Tourné pendant deux ans, le film se distingue par l'absence de commentaires et d'interviews. Ce choix radical a pour objectif de montrer les situations de travail en laissant, à travers de longues séquences, suffisamment d'espace à la pensée, aux associations. Le spectateur peut ainsi plonger dans cet univers de productivité ultra-intensive et se faire sa propre opinion.

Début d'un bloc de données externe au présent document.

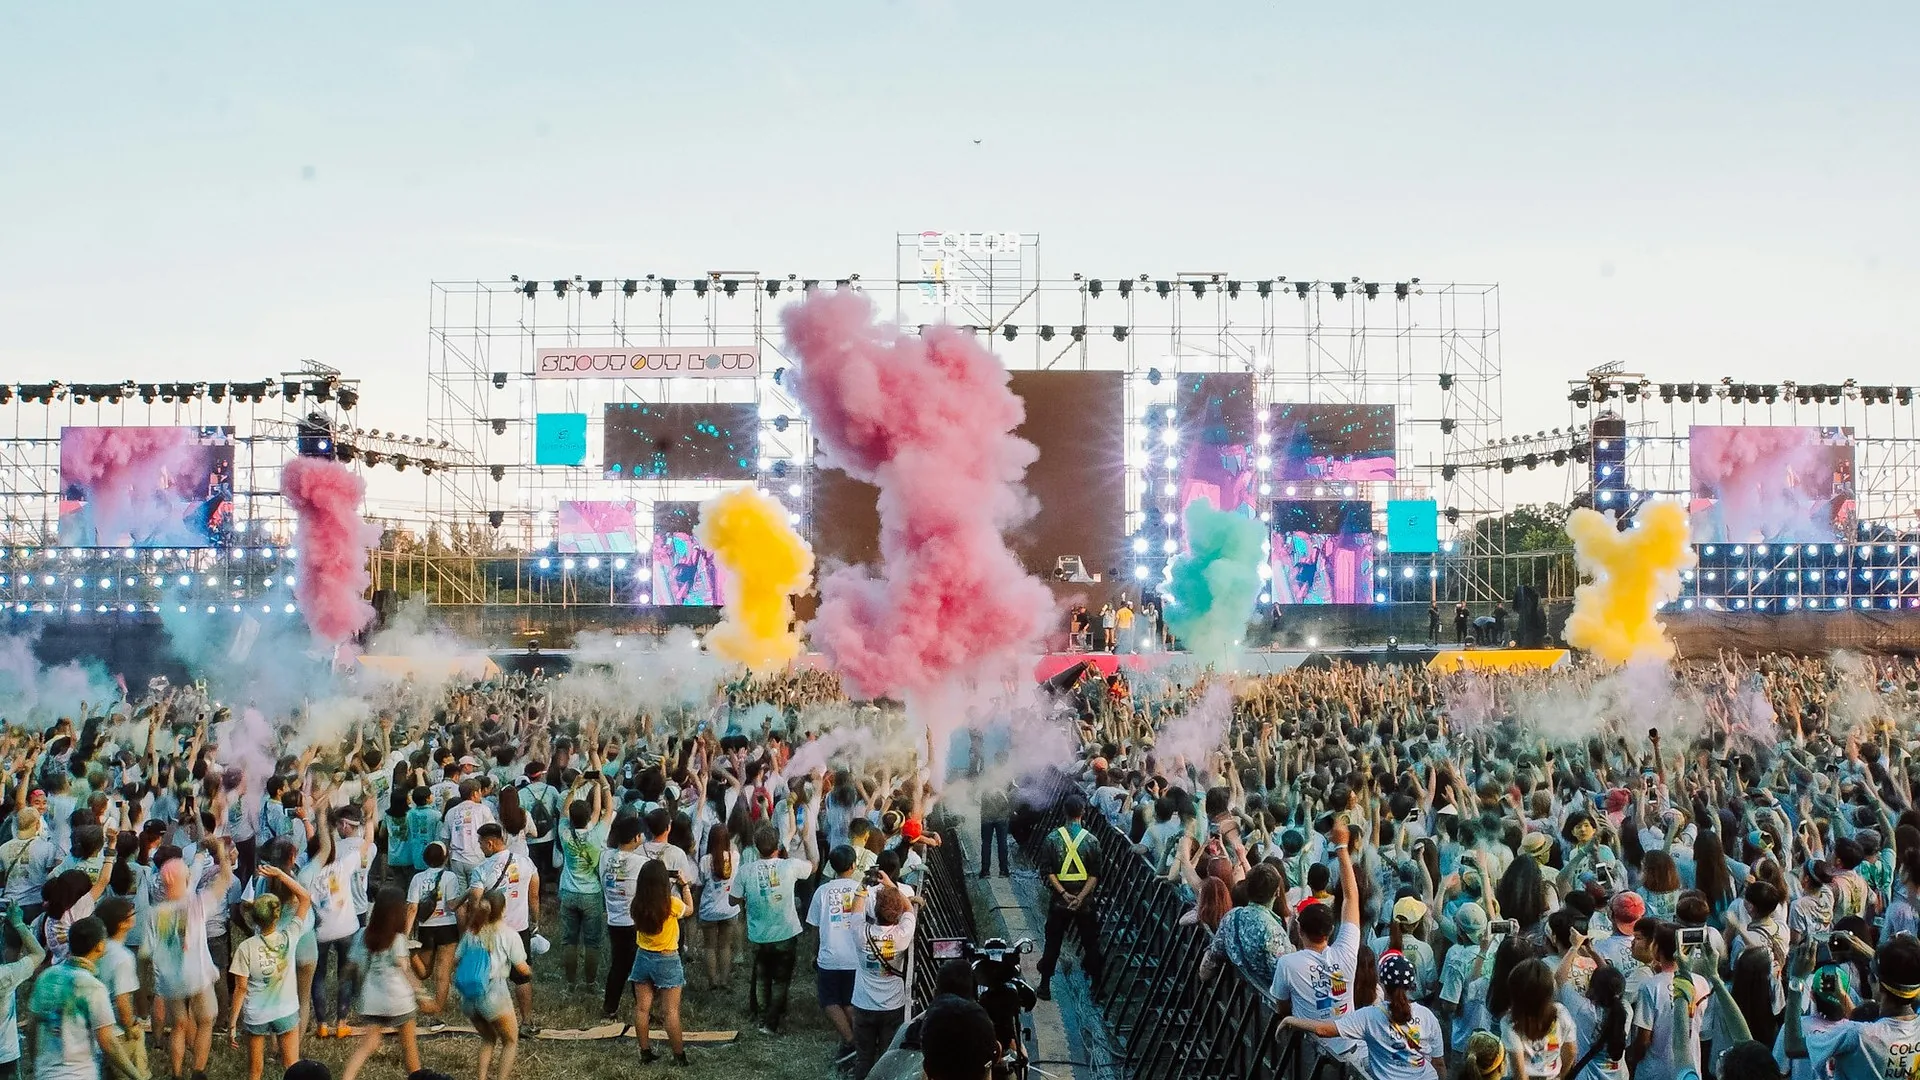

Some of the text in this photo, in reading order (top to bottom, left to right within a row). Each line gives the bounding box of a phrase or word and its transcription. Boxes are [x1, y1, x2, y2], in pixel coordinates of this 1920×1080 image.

[919, 230, 1021, 253] COLOR
[541, 352, 755, 372] SHOUT OUT LOUD
[1885, 1066, 1912, 1079] RUN
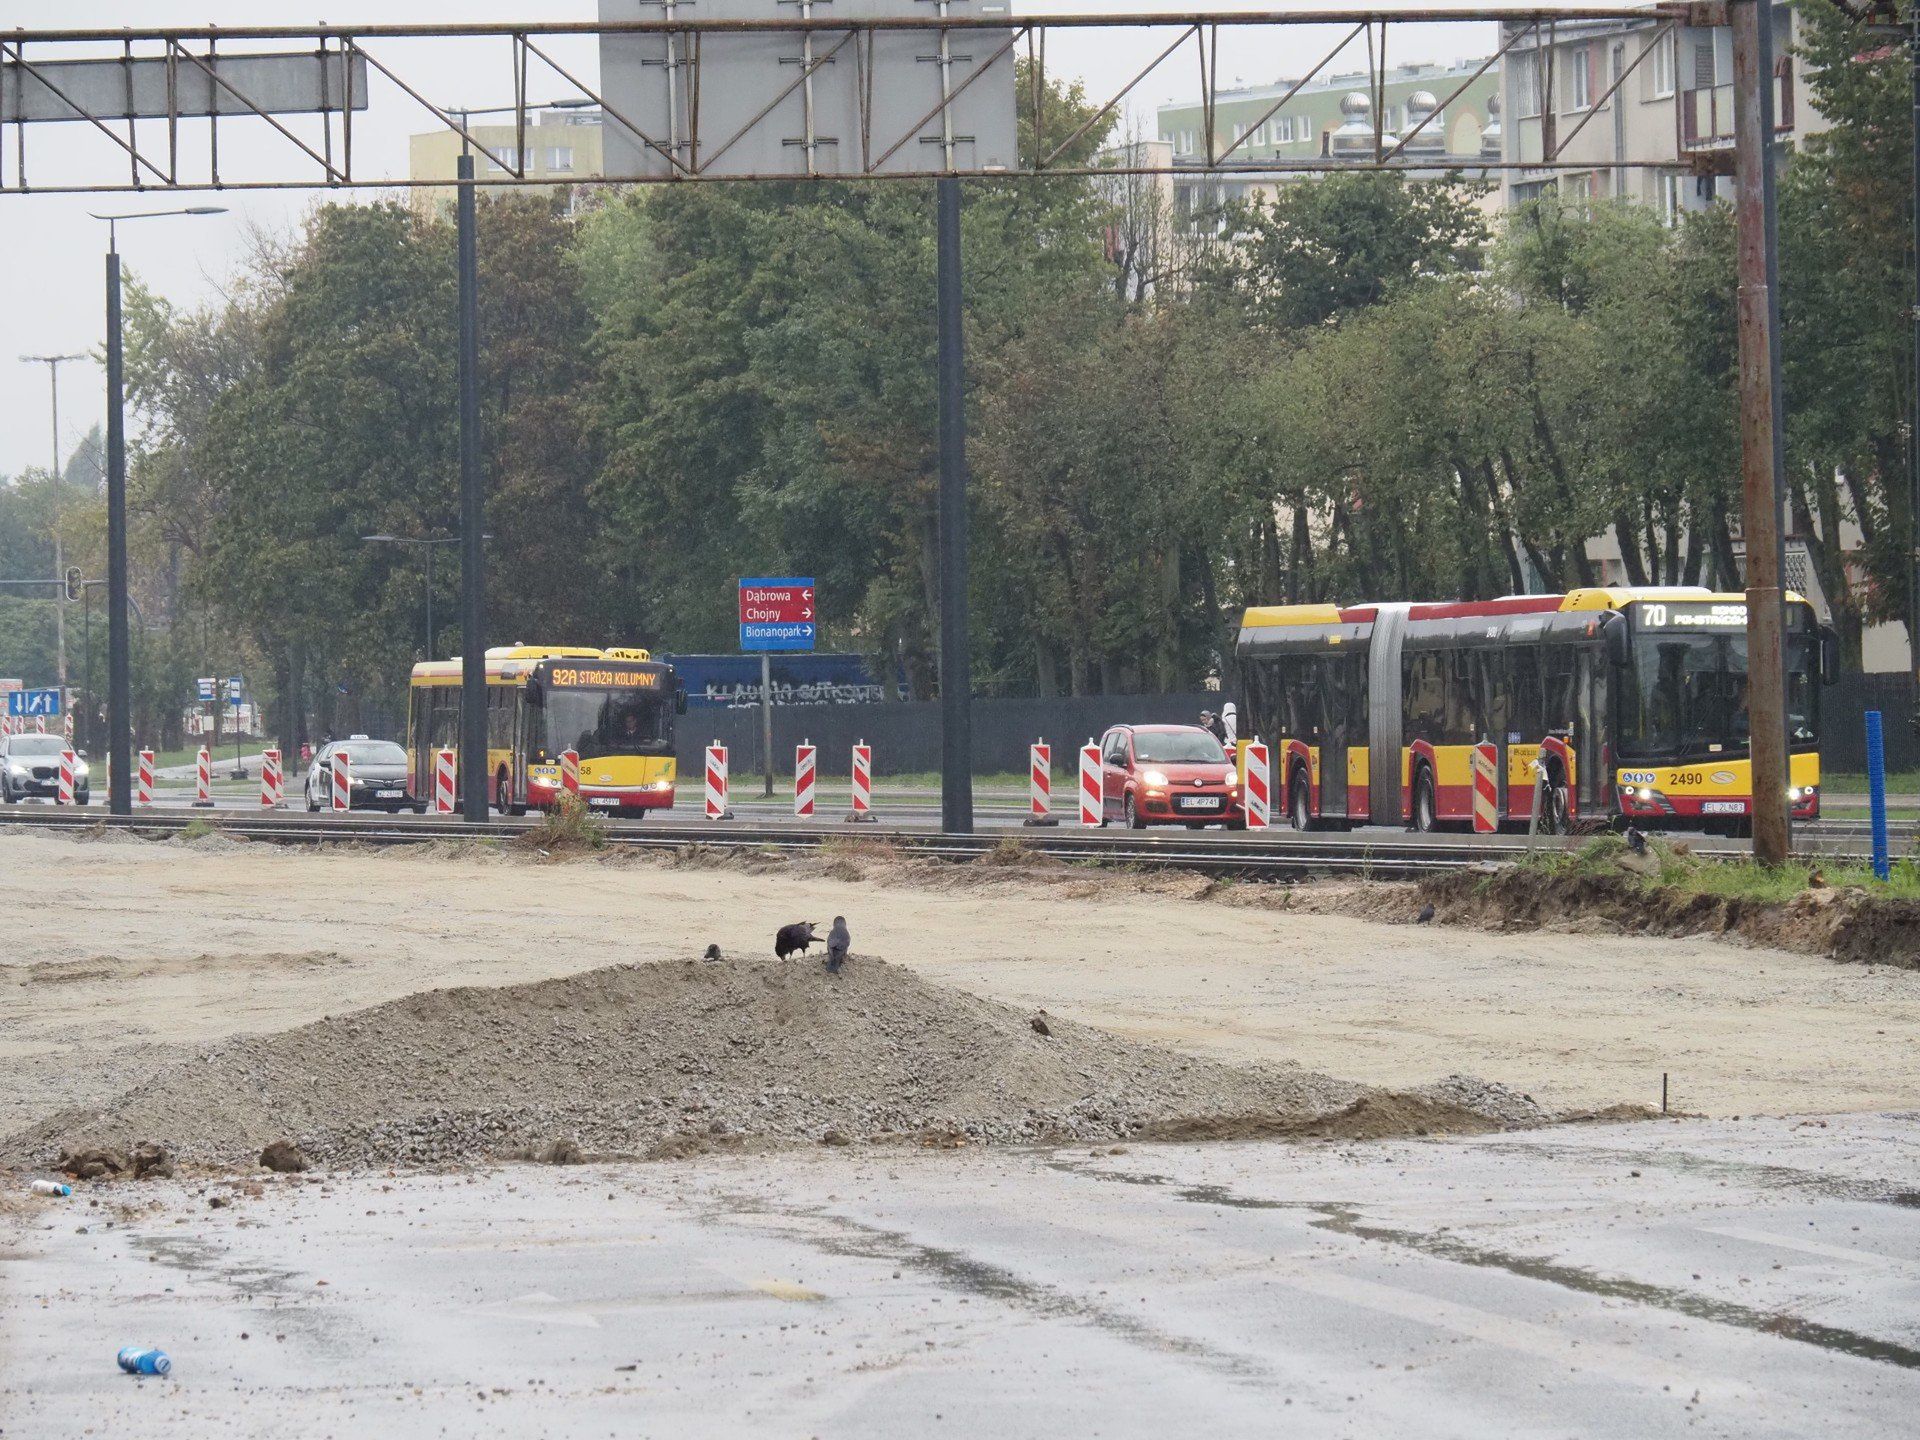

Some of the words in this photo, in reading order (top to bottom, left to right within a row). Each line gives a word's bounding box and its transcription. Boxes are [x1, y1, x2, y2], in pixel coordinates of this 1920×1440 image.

[746, 590, 791, 603] Dąbrowa
[746, 608, 780, 622] Chojny
[1643, 604, 1667, 626] 70
[746, 625, 801, 639] Bionanopark
[552, 669, 577, 686] 92A
[580, 670, 613, 685] STRÓŻA
[614, 672, 656, 686] KOLUMNY
[1670, 773, 1703, 785] 2490
[1707, 804, 1718, 812] EL
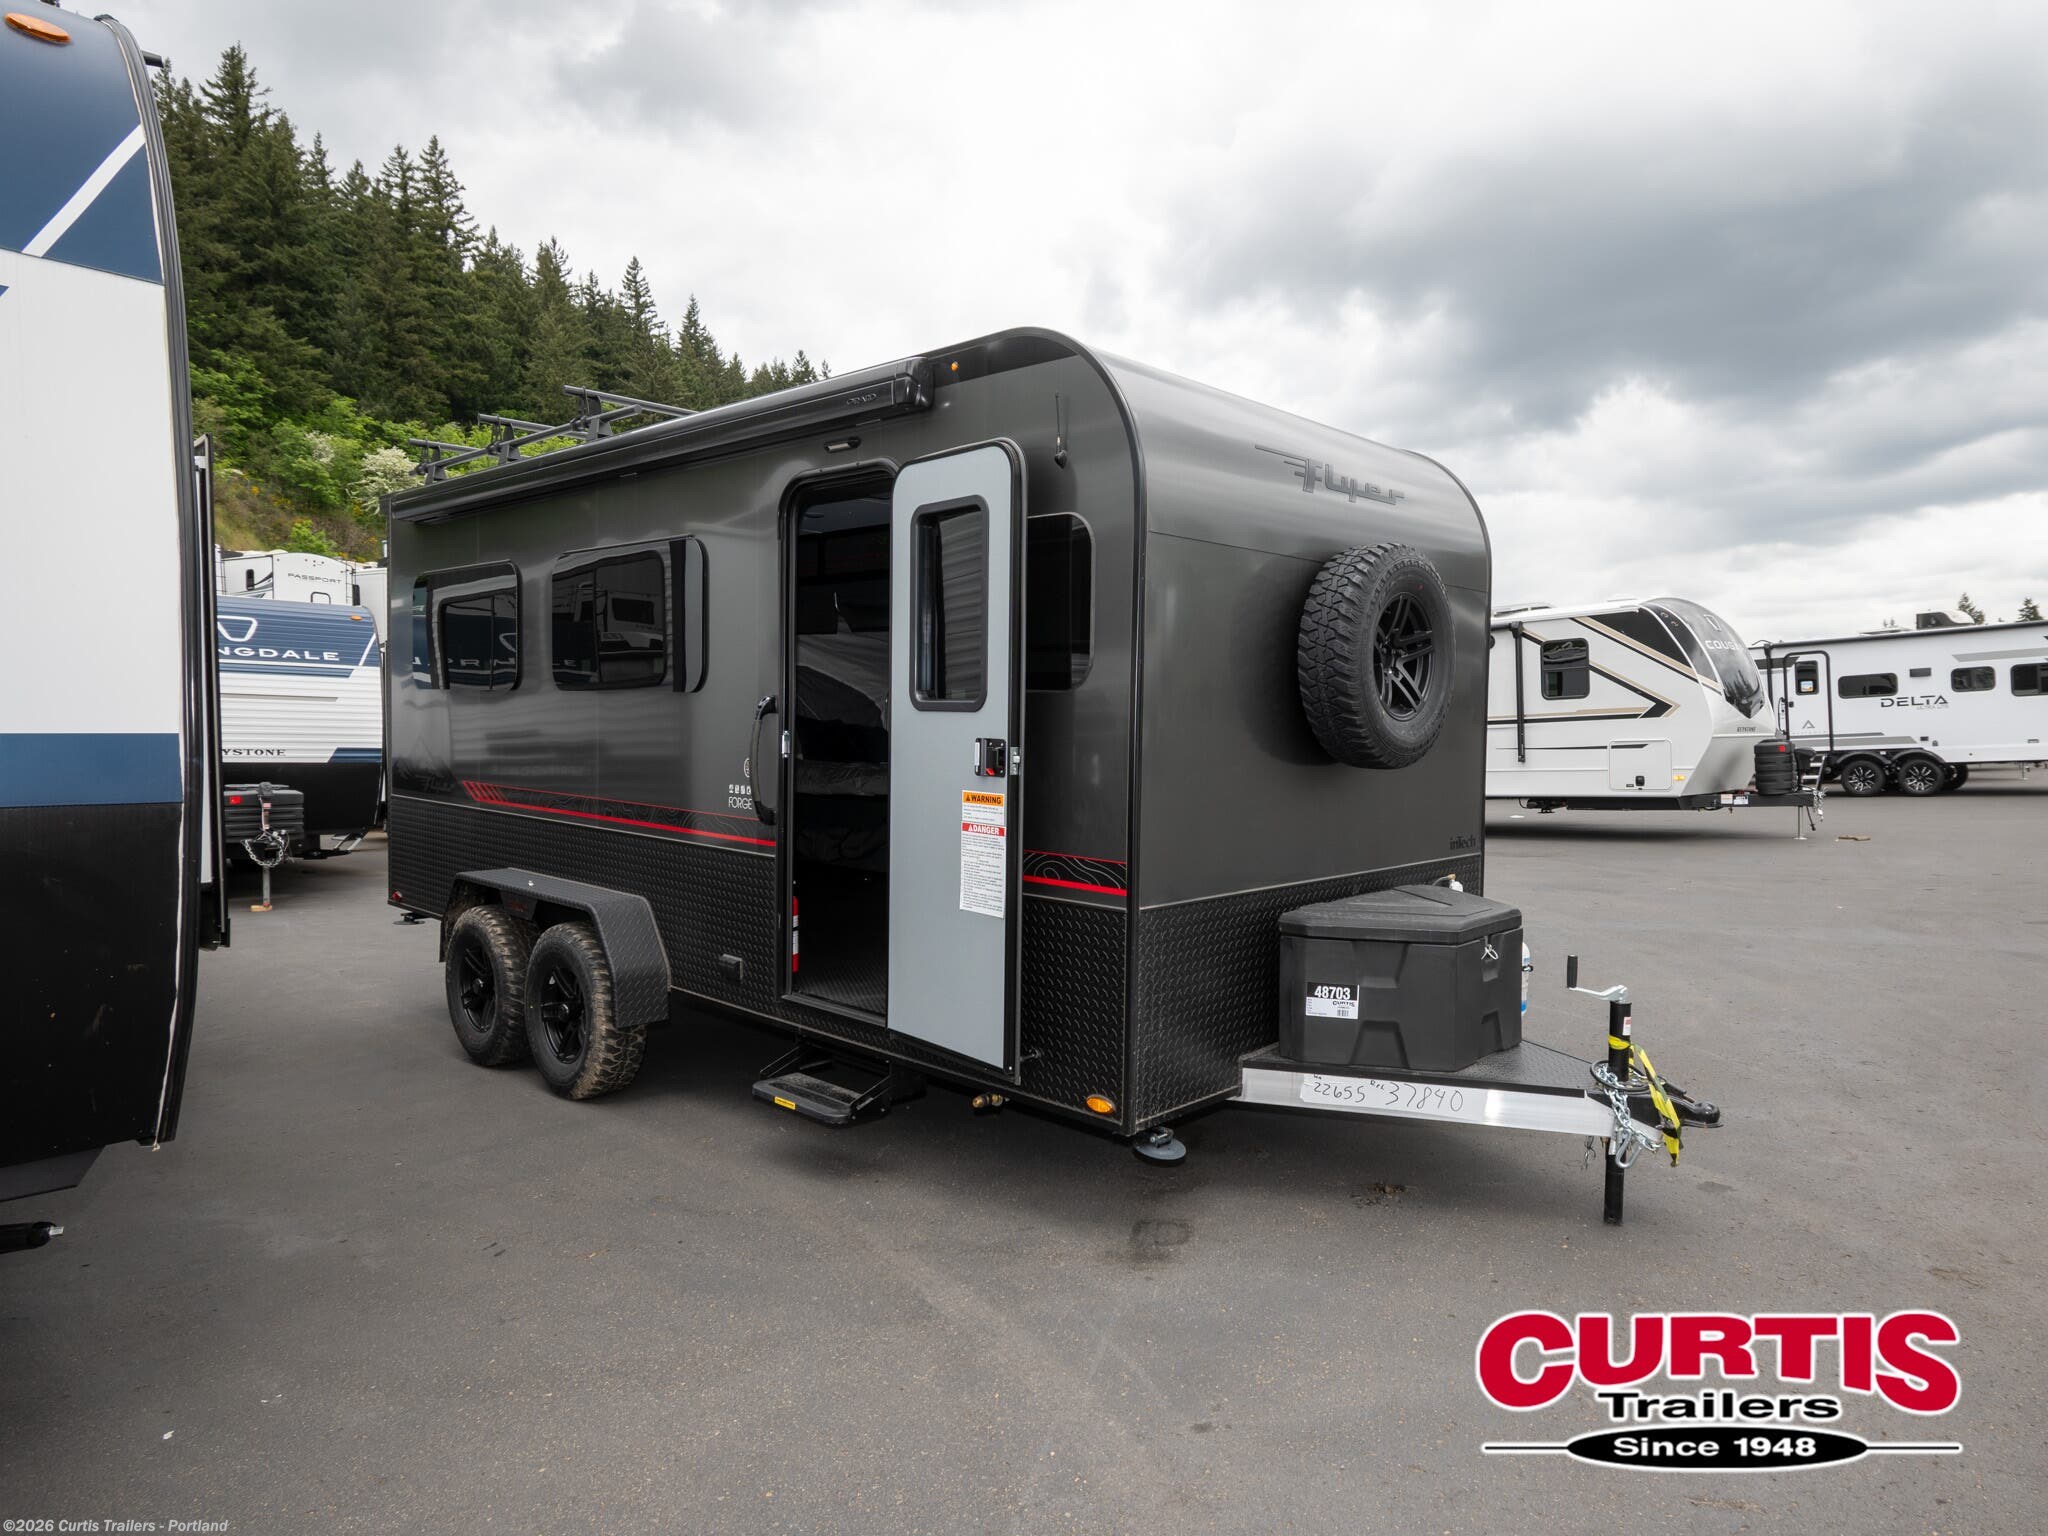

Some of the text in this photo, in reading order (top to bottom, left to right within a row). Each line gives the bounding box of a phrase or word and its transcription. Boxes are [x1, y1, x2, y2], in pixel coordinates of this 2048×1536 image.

Nikolaus Geyrhalter révèle les rouages étonnants de l'industrie agroalimentaire à travers des images extrêmement esthétiques dont la froideur peut déconcerter. Le film est construit comme une succession de tableaux rassemblés au moyen d’un montage fluide et parfait, soutenus par une simple captation sonore des bruits ambiants. Les longs travellings et les plans larges et fixes, minutieusement cadrés, permettent d’englober la répétition d’un geste, d’une opération, et nous forcent ainsi à observer, à nous questionner. Entre fascination et effroi, on s’émerveille de l’ingéniosité des machines modernes, mais on prend également conscience des sacrifices qu’implique la production de masse. Qu'il s'agisse de l'aspirateur à poules ou du tracteur à pinces pour secouer les oliviers, de l'éventreur mécanique de poissons, au sécateur électrique pour couper les pattes de porc, le documentaire montre une nature et des animaux traités comme des choses, de la matière première. On découvre un monde déshumanisé avec des hommes et des femmes interchangeables travaillant à la chaîne comme des robots. C’est le triomphe de la machine. Le documentaire n’est pas sans rappeler le film de Charlie Chaplin « Les Temps Modernes ». Aux scènes de récolte, d’élevage, d’abattage et de pêche succèdent systématiquement les repas des travailleurs, comme pour mieux « alimenter » la réflexion et ne pas oublier qu’au bout de la chaîne se trouve notre estomac.
Nikolaus Geyrhalter a réalisé un film terrifiant et fascinant, qui donne le vertige tant il associe la beauté et l'horreur, l'admiration et la répulsion. Sans discours bioéthique, il dresse un panorama réaliste de l’industrie agroalimentaire du XXIe siècle, que l’on est libre de rejeter ou d’accepter.
Est-ce cette agriculture-là dont notre monde a besoin ?…
Catherine Mathy
Note : Le film de Nikolaus Geyrhalter a reçu le Grand Prix au Festival International du Film Documentaire de Paris en 2006, le Prix Spécial du Jury au Festival International du Documentaire d'Amsterdam en 2005, le Prix Spécial du Jury du Festival international EcoCinéma d'Athènes en 2006, le Prix Arte 2006 et le Prix EcoCaméra aux rencontres internationales du documentaire de Montréal 2006.